From: Brian Foster <bfoster@redhat.com>
To: Eric Sandeen <sandeen@sandeen.net>, xfs-oss <xfs@oss.sgi.com>
Subject: Re: [PATCH 3/3] xfs: allow logical-sector sized O_DIRECT IOs
Date: Mon, 20 Jan 2014 09:21:38 -0500 [thread overview]
Message-ID: <52DD30F2.3000504@redhat.com> (raw)
In-Reply-To: <52D99255.9090609@sandeen.net>
On 01/17/2014 03:28 PM, Eric Sandeen wrote:
> Some time ago, mkfs.xfs started picking the storage physical
> sector size as the default filesystem "sector size" in order
> to avoid RMW costs incurred by doing IOs at logical sector
> size alignments.
>
> However, this means that for a filesystem made with i.e.
> a 4k sector size on an "advanced format" 4k/512 disk,
> 512-byte direct IOs are no longer allowed. This means
> that XFS has essentially turned this AF drive into a hard
> 4K device, from the filesystem on up.
>
> XFS's mkfs-specified "sector size" is really just controlling
> the minimum size & alignment of filesystem metadata.
>
> There is no real need to tightly couple XFS's minimal
> metadata size to the minimum allowed direct IO size;
> XFS can continue doing metadata in optimal sizes, but
> still allow smaller DIOs for apps which issue them,
> for whatever reason.
>
> This patch adds new information to the xfs_buftarg, so that
> we now track 2 sizes:
>
> 1) The metadata sector size, which is the minimum unit and
> alignment of IO which will be performed by metadata operations.
> 2) The device logical sector size.
>
> The first is used internally by the file system for metadata
> alignment and IOs.
> The second is used for the minimum allowed direct IO size and
> alignment.
>
> This has passed xfstests on filesystems made with 4k sectors,
> including when run under the patch I sent to ignore
> XFS_IOC_DIOINFO, and issue 512 DIOs anyway.

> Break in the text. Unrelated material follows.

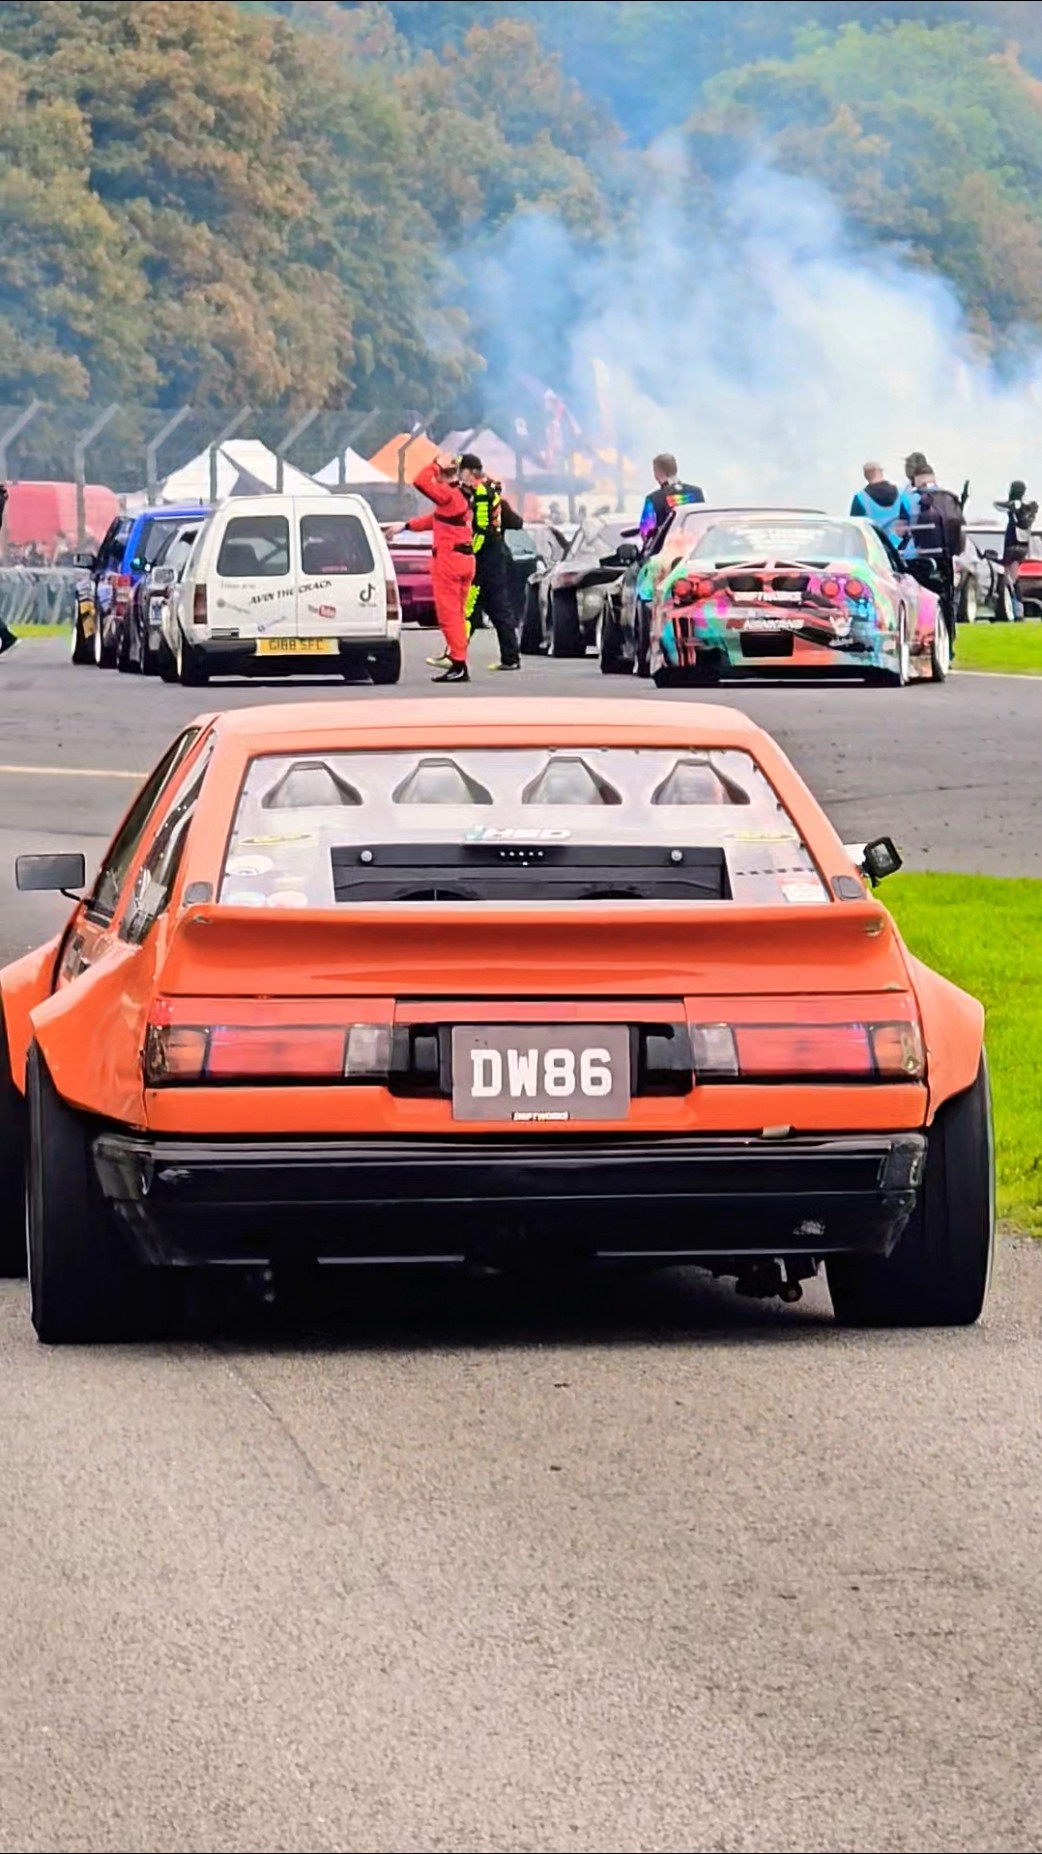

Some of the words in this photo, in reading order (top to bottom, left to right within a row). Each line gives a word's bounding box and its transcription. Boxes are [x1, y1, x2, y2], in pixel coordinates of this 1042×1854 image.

[277, 588, 294, 599] THE
[299, 580, 332, 593] CRACK
[470, 1048, 613, 1098] DW86
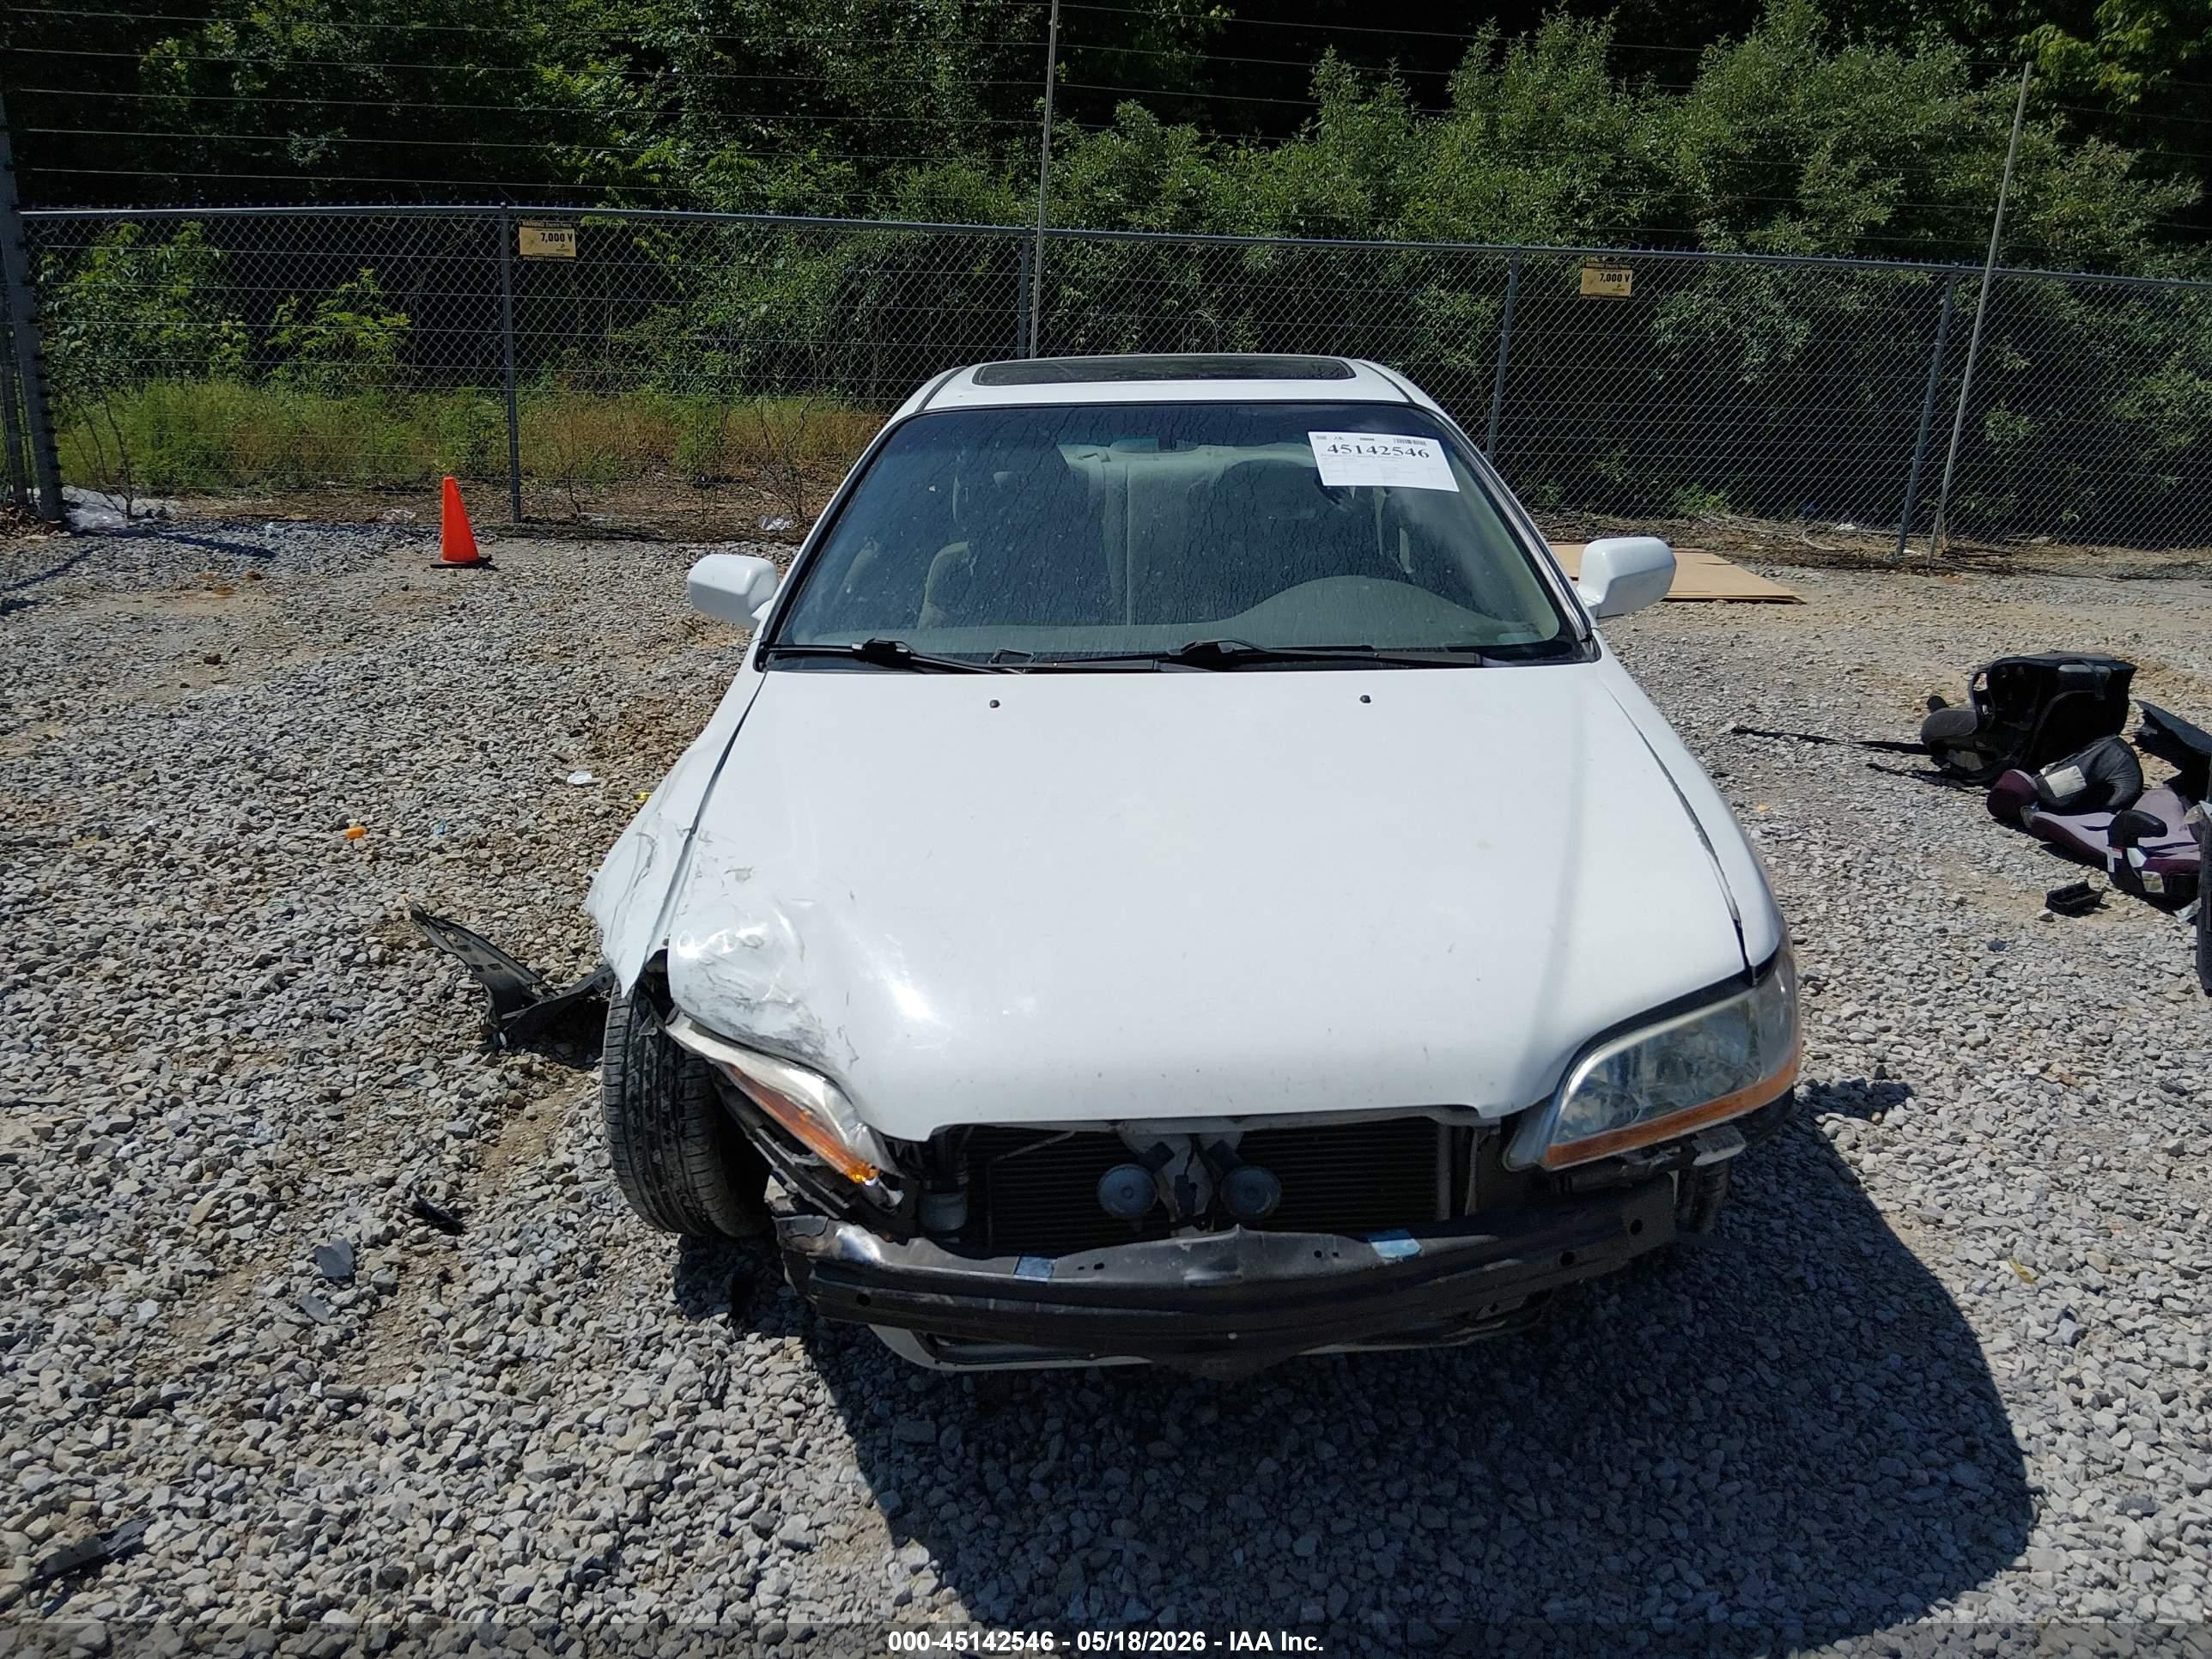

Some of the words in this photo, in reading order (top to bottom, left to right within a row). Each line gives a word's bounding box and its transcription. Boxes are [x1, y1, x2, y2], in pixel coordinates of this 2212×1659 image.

I also directly
> tested end of block behavior on preallocated, sparse, and
> existing files when we do a 512 IO into a 4k file on a
> 4k-sector filesystem, to be sure there were no unexpected
> behaviors.
>
> Signed-off-by: Eric Sandeen <sandeen@redhat.com>
> diff --git a/fs/xfs/xfs_buf.c b/fs/xfs/xfs_buf.c
> index a526f8d..5175711 100644
> --- a/fs/xfs/xfs_buf.c
> +++ b/fs/xfs/xfs_buf.c
> @@ -1599,6 +1599,7 @@ xfs_setsize_buftarg(
> unsigned int blocksize,
> unsigned int sectorsize)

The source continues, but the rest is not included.